Dobbiamo sforzarci di decolonizzare l’immaginario dalle immagini di chiusura, arroccamento, campanilismo e lavorare sui possibili dello spirito, sulle aperture, sulle connessioni rizomatiche, sulle reti di solidarietà.

Il modello di capitalismo nel quale siamo immersi corrode il legame sociale, rende sempre più soli e rancorosi, induce a scelte narcisistiche.

Occorre mobilitare le forze creative e sopite dello Spirito per riconnettersi alle energie vitali della Terra. La pratica di un’ecologia integrale come ripresa del legame inscindibile tra uomo e ambiente.

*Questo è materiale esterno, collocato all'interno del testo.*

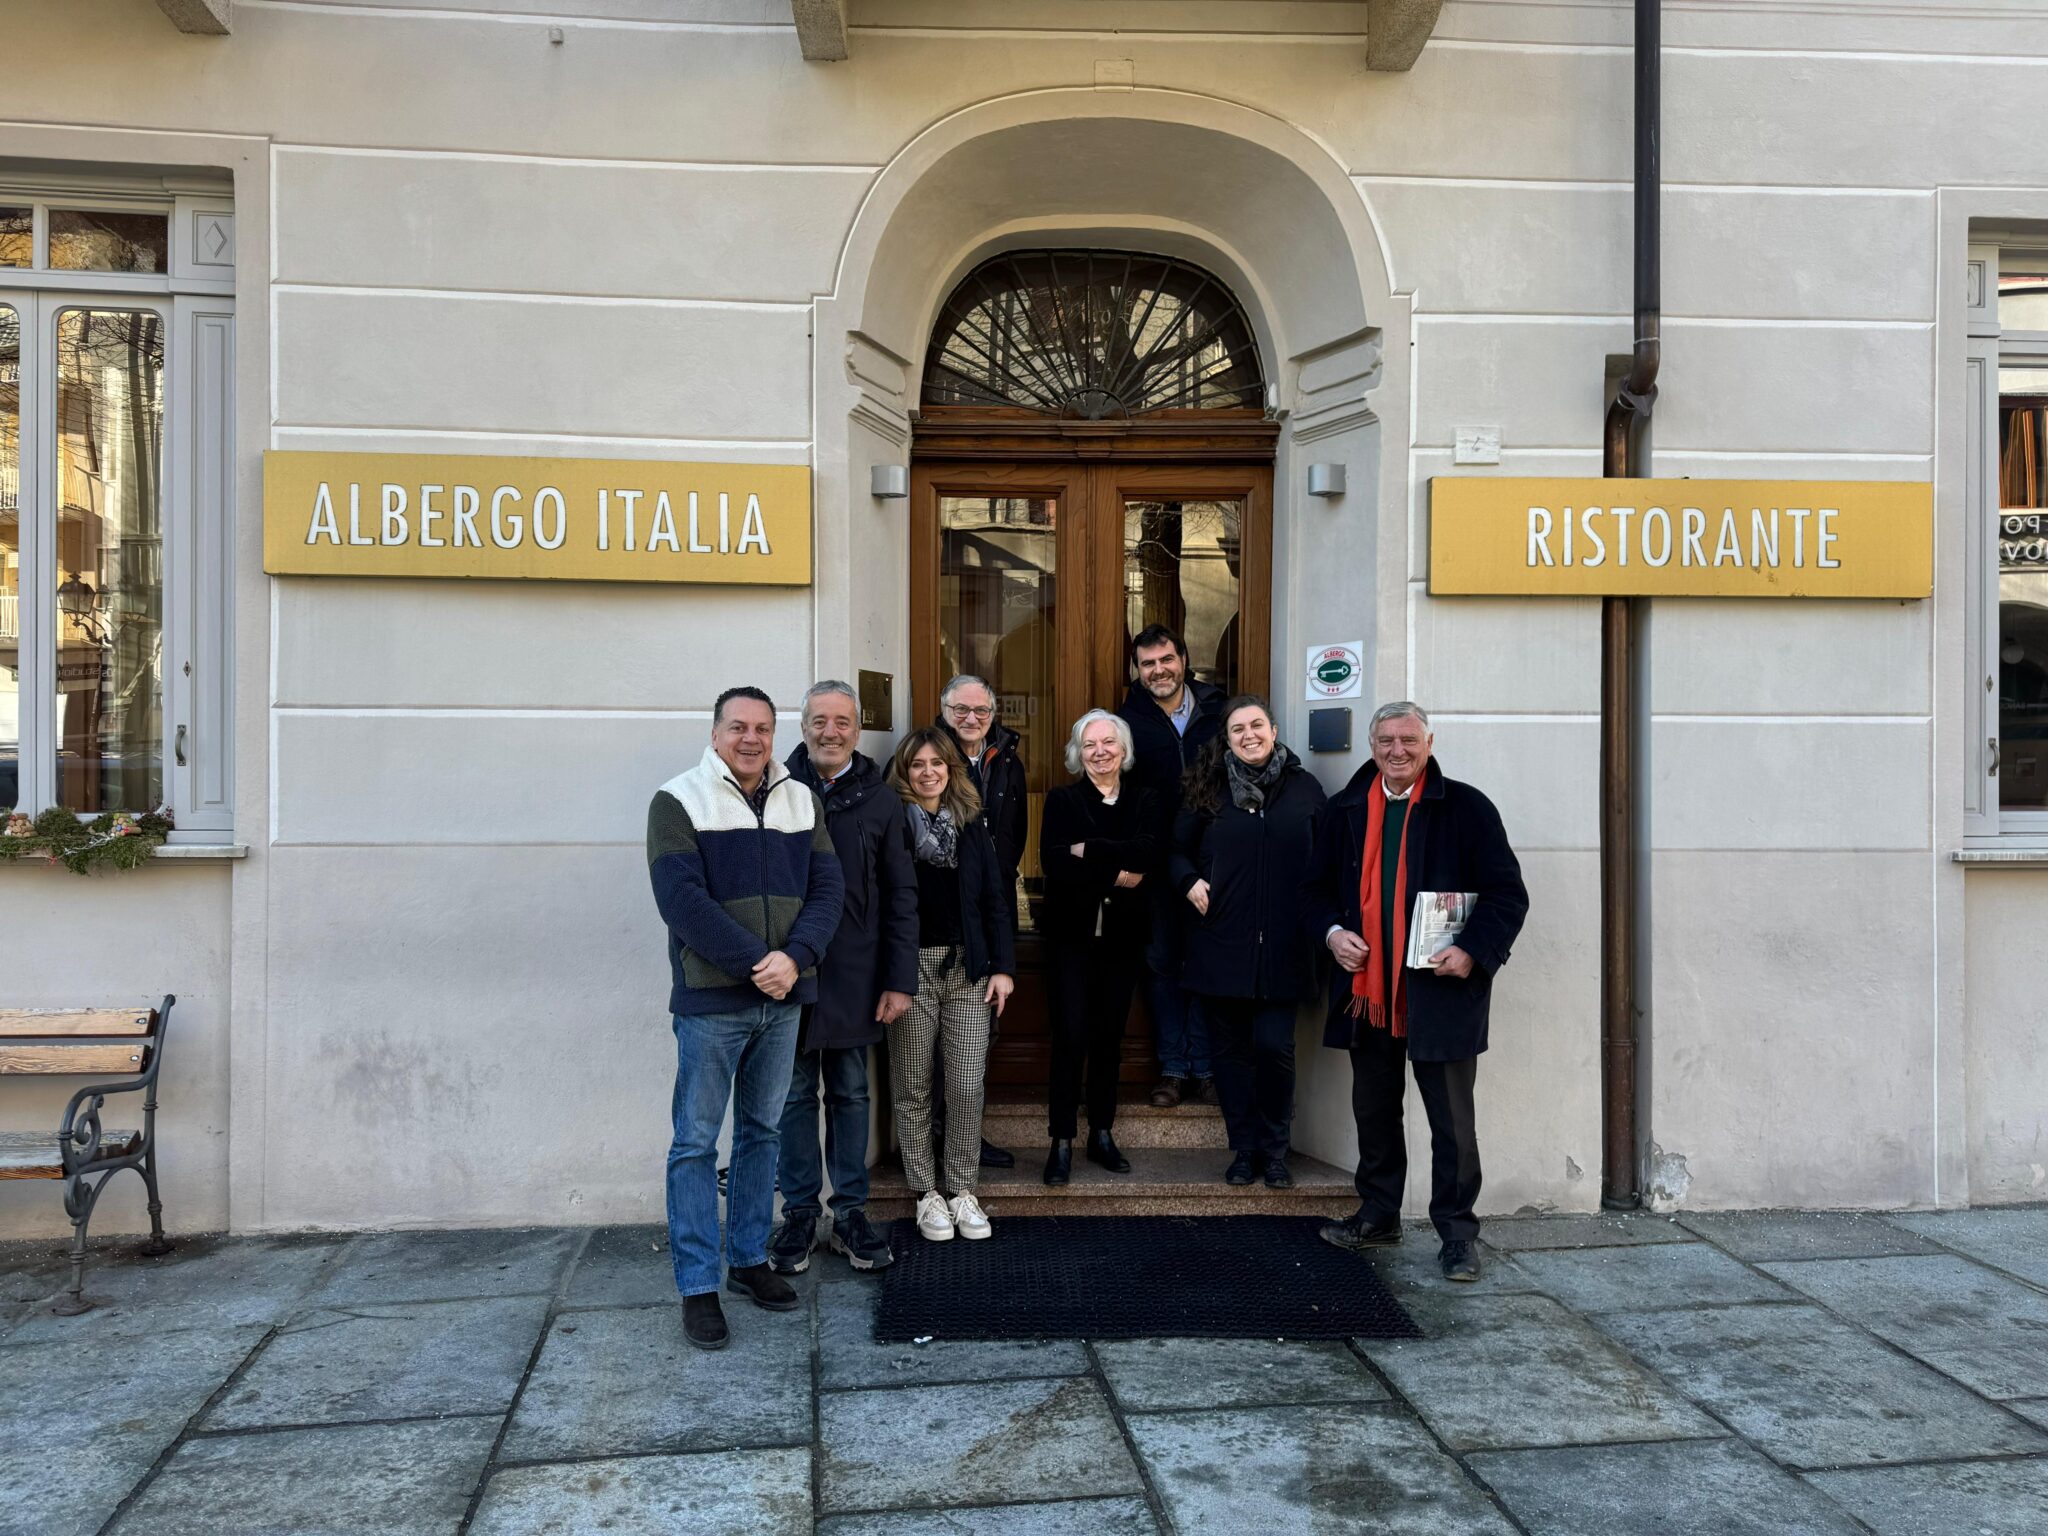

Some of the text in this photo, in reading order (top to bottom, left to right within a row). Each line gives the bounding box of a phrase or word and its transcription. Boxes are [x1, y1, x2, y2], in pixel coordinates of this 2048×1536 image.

Solo un nuovo patto con la Terra può condurci a visioni di Pace, rispetto, convivenza gioviale. Solo se smettiamo di violentare la Terra possiamo sperare in un futuro di solidarietà tra le Nazioni.

Perché la violenza fuori di noi è solamente il segno tangibile dell’agitazione che scuote le nostre menti.

La manifestazione materiale del disagio spirituale che proviamo per esserci allontanati troppo dalle fonti vitali dell’anima.